[Pose Of the Week] One-Legged Shoulderstand Pose (Intermediate)
Try One-Legged Shoulderstand Pose to stretch your legs & strengthen your back, shoulders, core, and more…
One-Legged Shoulderstand Pose (Eka Pada Sarvangasana) – also known as One Legged All Limbs Supported Pose – is a variation of Supported Shoulderstand Pose which provides an extra stretch to your legs, while building strength and stability throughout the body. In this variation, one foot is extended toward the floor, while your body remains in a vertical position.
This pose offers the same benefits as other inversion poses – such as detoxification, stimulation of the internal organs, and improved circulation – but also adds an additional stretch of the glutes and hamstrings. It also strengthens the core, back, shoulders, arms, and legs, and is believed to improve thyroid and cardiovascular health, help manage diabetes and reproductive health issues, and balance the Throat Chakra.
Be sure to remain open through the chest and engaged in your core muscles and lower back to avoid collapsing in too much as you lower the leg. Tuck your tailbone and activate the hip muscles to remain stabilized.
Those with high blood pressure, glaucoma, neck, shoulder, or back injuries, or who are in the first trimester of pregnancy should avoid this pose.
How to Do One-Legged Shoulderstand Pose:
- Prepare for the pose by stretching your hamstrings, gluteals and hip flexors. To create length in these muscles, use poses like Intense Side Stretch Pose and Monkey Pose.
- Stretch your pectoral and anterior deltoids to prepare your shoulders to draw the elbows towards the floor in the final pose.
- Lift up into Salamba Sarvangasana. Lever your chest open by leaning back into the hands and pressing the backs of your elbows into the mat. Then lower one leg over your head towards the floor.

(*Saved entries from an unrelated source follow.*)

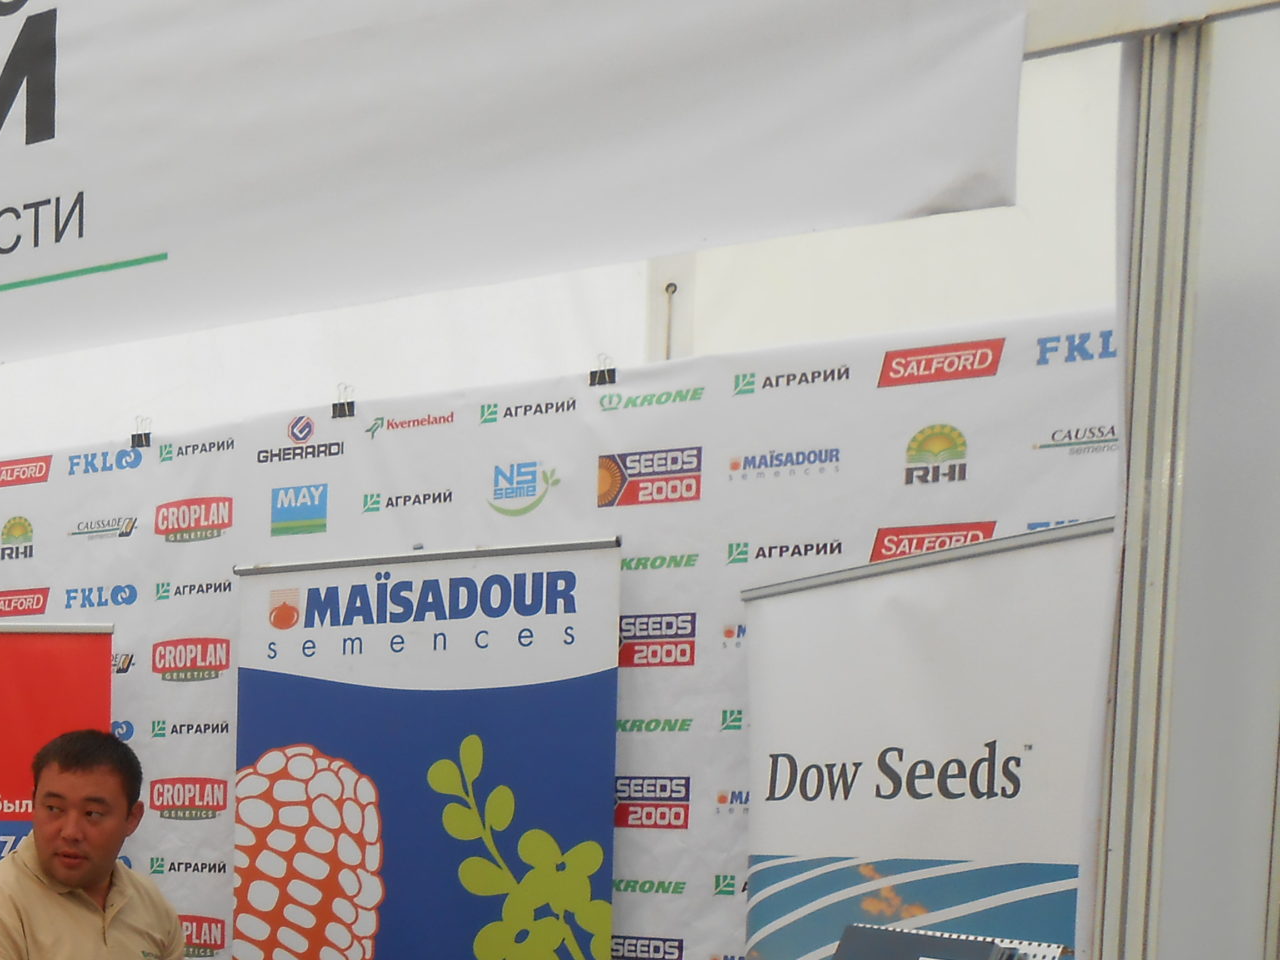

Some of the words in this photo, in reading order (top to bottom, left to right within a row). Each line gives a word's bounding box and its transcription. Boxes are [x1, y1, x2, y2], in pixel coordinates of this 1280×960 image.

[889, 348, 993, 380] SALFORD
[762, 365, 850, 390] АГРАРИЙ
[503, 398, 577, 419] АГРАРИЙ
[623, 386, 705, 410] KRONE
[386, 412, 454, 431] Kverneland
[1051, 425, 1117, 443] CAUSSA
[177, 439, 235, 457] АГРАРИЙ
[257, 441, 344, 463] GHERARDI
[68, 452, 113, 476] FKL
[626, 450, 699, 473] SEEDS
[742, 448, 840, 471] MAÏSADOUR
[494, 461, 538, 487] NS
[905, 463, 967, 486] RHI
[277, 486, 323, 509] MAY
[385, 488, 453, 508] АГРАРИЙ
[638, 478, 696, 503] 2000
[77, 517, 122, 531] CAUSSADE
[157, 501, 229, 530] CROPLAN
[168, 529, 219, 542] GENETICS
[0, 545, 33, 560] RHI
[755, 539, 842, 560] АГРАРИЙ
[621, 553, 699, 571] KRONE
[65, 586, 109, 609] FKL
[174, 581, 232, 597] АГРАРИЙ
[304, 569, 577, 629] MAÏSADOUR
[621, 616, 691, 637] SEEDS
[267, 623, 575, 659] semences
[155, 642, 226, 670] CROPLAN
[634, 644, 691, 664] 2000
[164, 670, 219, 681] GENETICS
[170, 720, 230, 737] АГРАРИЙ
[766, 752, 862, 802] Dow
[875, 740, 1022, 800] Seeds
[153, 783, 225, 808] CROPLAN
[616, 780, 686, 798] SEEDS
[163, 809, 213, 819] GENETICS
[628, 807, 684, 825] 2000
[168, 859, 227, 875] АГРАРИЙ
[611, 939, 679, 960] SEEDS

- You may wish to rest your lowered foot on a chair at the beginning. As you gain stability and flexibility, lower your leg further using your psoas muscle to flex your hip.
- Raise your leg straight up again into Shoulderstand, and repeat with the opposite leg.
- When you are ready to come out of the posture, brace your back with the hands before coming into Plow Pose (Halasana); Then, with control, gently bend the legs and slowly roll out of the posture and onto the back.
- Rest there for a few seconds to allow your cardiovascular system to adjust before you move on.